*** Block opens ***
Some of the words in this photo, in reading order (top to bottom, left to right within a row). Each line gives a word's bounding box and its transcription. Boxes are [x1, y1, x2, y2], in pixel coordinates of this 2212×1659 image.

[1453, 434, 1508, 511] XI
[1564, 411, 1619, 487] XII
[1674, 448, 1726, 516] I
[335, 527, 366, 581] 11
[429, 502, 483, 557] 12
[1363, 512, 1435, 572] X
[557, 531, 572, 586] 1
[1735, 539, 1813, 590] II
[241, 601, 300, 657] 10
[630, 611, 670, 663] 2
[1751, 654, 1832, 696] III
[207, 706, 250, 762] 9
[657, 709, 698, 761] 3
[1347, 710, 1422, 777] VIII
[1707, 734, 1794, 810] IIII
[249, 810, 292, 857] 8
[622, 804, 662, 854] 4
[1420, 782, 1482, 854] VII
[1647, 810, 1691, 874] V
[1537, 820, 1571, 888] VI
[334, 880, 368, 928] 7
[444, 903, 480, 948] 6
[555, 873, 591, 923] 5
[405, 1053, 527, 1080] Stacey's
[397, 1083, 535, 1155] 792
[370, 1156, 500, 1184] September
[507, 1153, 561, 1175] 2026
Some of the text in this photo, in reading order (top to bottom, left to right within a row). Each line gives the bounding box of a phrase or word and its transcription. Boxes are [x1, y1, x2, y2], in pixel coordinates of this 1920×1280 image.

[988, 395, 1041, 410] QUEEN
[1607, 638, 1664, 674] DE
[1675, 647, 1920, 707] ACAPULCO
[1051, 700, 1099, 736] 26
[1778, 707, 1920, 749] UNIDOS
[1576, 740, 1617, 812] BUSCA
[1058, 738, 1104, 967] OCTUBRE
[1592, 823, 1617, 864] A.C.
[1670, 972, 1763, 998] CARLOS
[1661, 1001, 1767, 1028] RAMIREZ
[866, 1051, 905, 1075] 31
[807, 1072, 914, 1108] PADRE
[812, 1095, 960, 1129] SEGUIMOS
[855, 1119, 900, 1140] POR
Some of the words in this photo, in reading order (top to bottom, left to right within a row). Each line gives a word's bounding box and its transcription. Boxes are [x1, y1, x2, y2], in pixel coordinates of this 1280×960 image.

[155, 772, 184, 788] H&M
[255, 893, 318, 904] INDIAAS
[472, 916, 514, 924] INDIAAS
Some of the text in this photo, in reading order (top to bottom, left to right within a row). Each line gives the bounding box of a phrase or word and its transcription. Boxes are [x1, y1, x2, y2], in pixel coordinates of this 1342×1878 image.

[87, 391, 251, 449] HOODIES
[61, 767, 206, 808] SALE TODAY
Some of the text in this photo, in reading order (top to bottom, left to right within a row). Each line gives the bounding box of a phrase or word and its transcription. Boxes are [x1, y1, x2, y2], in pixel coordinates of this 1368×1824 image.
*** Block closes ***
*Exercise goal*
Using the records above, please repeat the line with "this 1920×1280 image." and every line after it exactly, and give no other text.

*Problem solution*
Some of the text in this photo, in reading order (top to bottom, left to right within a row). Each line gives the bounding box of a phrase or word and its transcription. Boxes are [x1, y1, x2, y2], in pixel coordinates of this 1920×1280 image.

[988, 395, 1041, 410] QUEEN
[1607, 638, 1664, 674] DE
[1675, 647, 1920, 707] ACAPULCO
[1051, 700, 1099, 736] 26
[1778, 707, 1920, 749] UNIDOS
[1576, 740, 1617, 812] BUSCA
[1058, 738, 1104, 967] OCTUBRE
[1592, 823, 1617, 864] A.C.
[1670, 972, 1763, 998] CARLOS
[1661, 1001, 1767, 1028] RAMIREZ
[866, 1051, 905, 1075] 31
[807, 1072, 914, 1108] PADRE
[812, 1095, 960, 1129] SEGUIMOS
[855, 1119, 900, 1140] POR
Some of the words in this photo, in reading order (top to bottom, left to right within a row). Each line gives a word's bounding box and its transcription. Boxes are [x1, y1, x2, y2], in pixel coordinates of this 1280×960 image.

[155, 772, 184, 788] H&M
[255, 893, 318, 904] INDIAAS
[472, 916, 514, 924] INDIAAS
Some of the text in this photo, in reading order (top to bottom, left to right within a row). Each line gives the bounding box of a phrase or word and its transcription. Boxes are [x1, y1, x2, y2], in pixel coordinates of this 1342×1878 image.

[87, 391, 251, 449] HOODIES
[61, 767, 206, 808] SALE TODAY
Some of the text in this photo, in reading order (top to bottom, left to right within a row). Each line gives the bounding box of a phrase or word and its transcription. Boxes are [x1, y1, x2, y2], in pixel coordinates of this 1368×1824 image.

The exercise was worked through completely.